Work request
Reprint each record exactly. Pictures are not reprinted.

Data shown
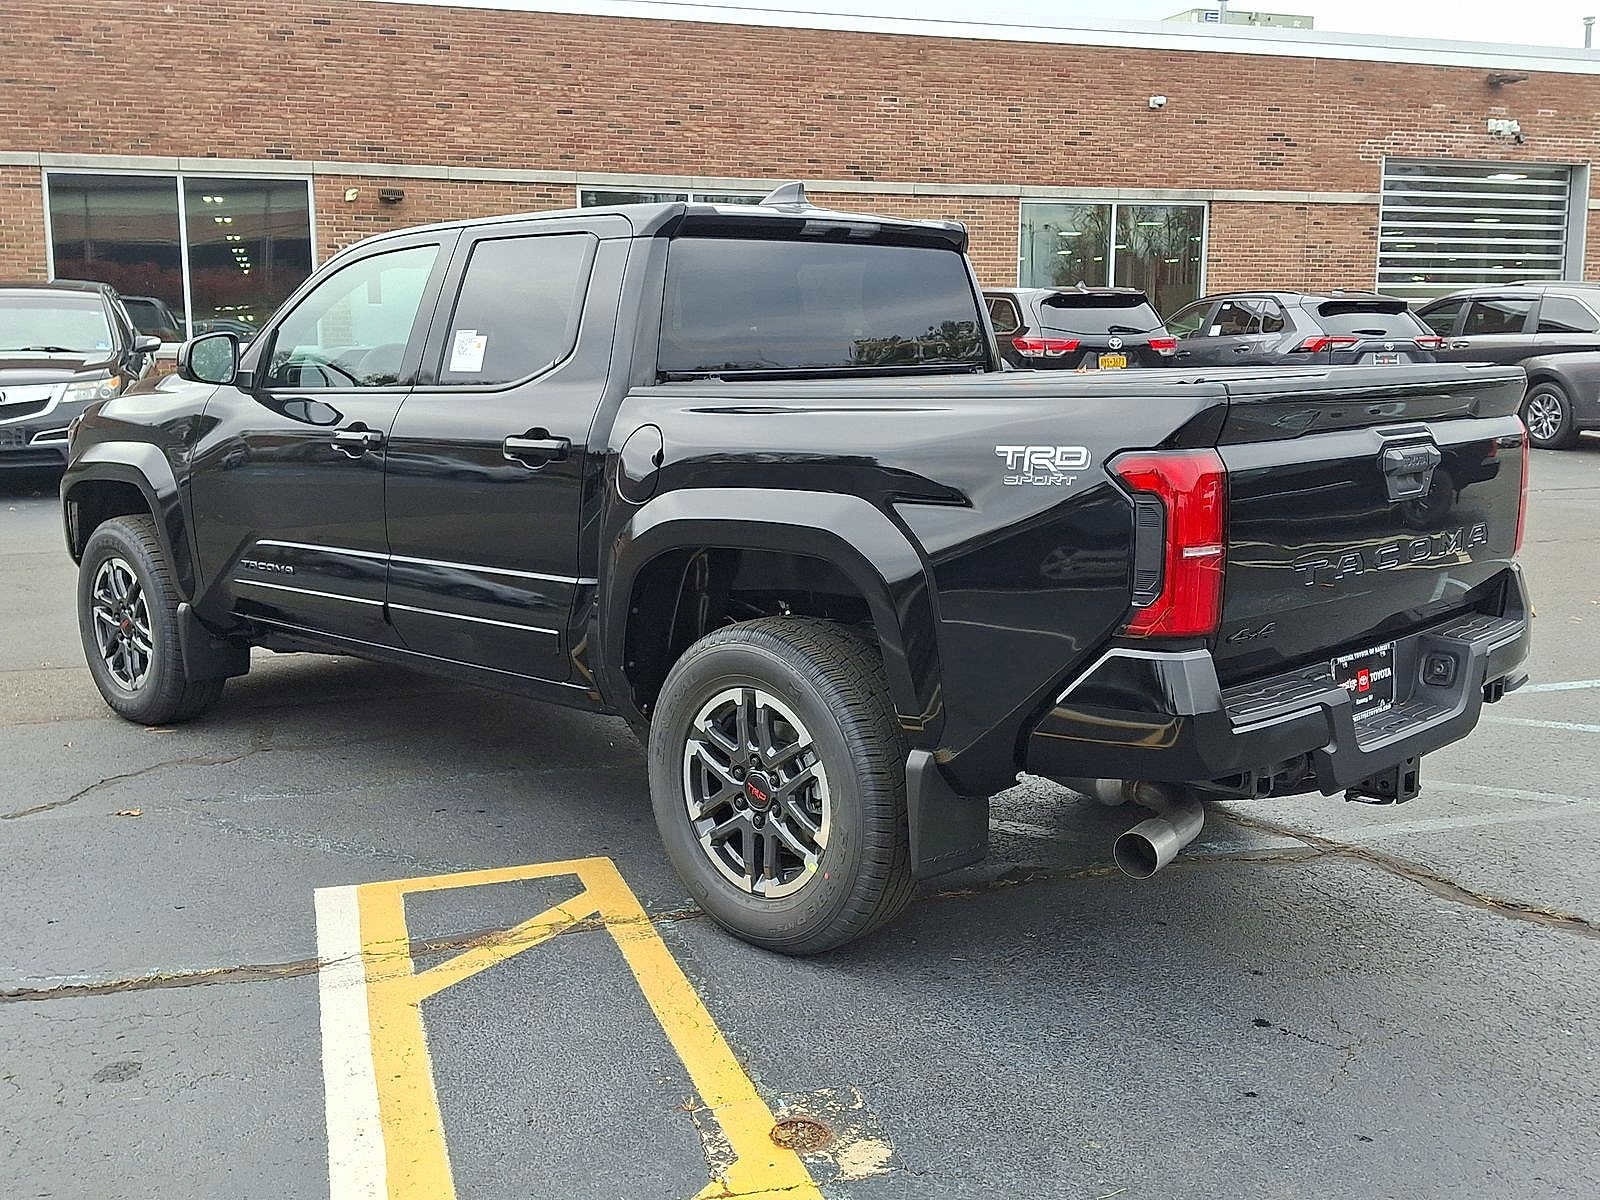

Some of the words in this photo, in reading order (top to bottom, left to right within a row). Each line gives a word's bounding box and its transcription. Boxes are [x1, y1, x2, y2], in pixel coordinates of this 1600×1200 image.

[995, 445, 1092, 477] TRD
[1003, 475, 1078, 487] SPORT
[1293, 521, 1488, 587] TACOMA
[240, 559, 296, 575] TACOMA
[1370, 667, 1392, 682] TOYOTA
[747, 782, 767, 801] TRD

Answer box
Some of the words in this photo, in reading order (top to bottom, left to right within a row). Each line gives a word's bounding box and its transcription. Boxes are [x1, y1, x2, y2], in pixel coordinates of this 1600×1200 image.

[995, 445, 1092, 477] TRD
[1003, 475, 1078, 487] SPORT
[1293, 521, 1488, 587] TACOMA
[240, 559, 296, 575] TACOMA
[1370, 667, 1392, 682] TOYOTA
[747, 782, 767, 801] TRD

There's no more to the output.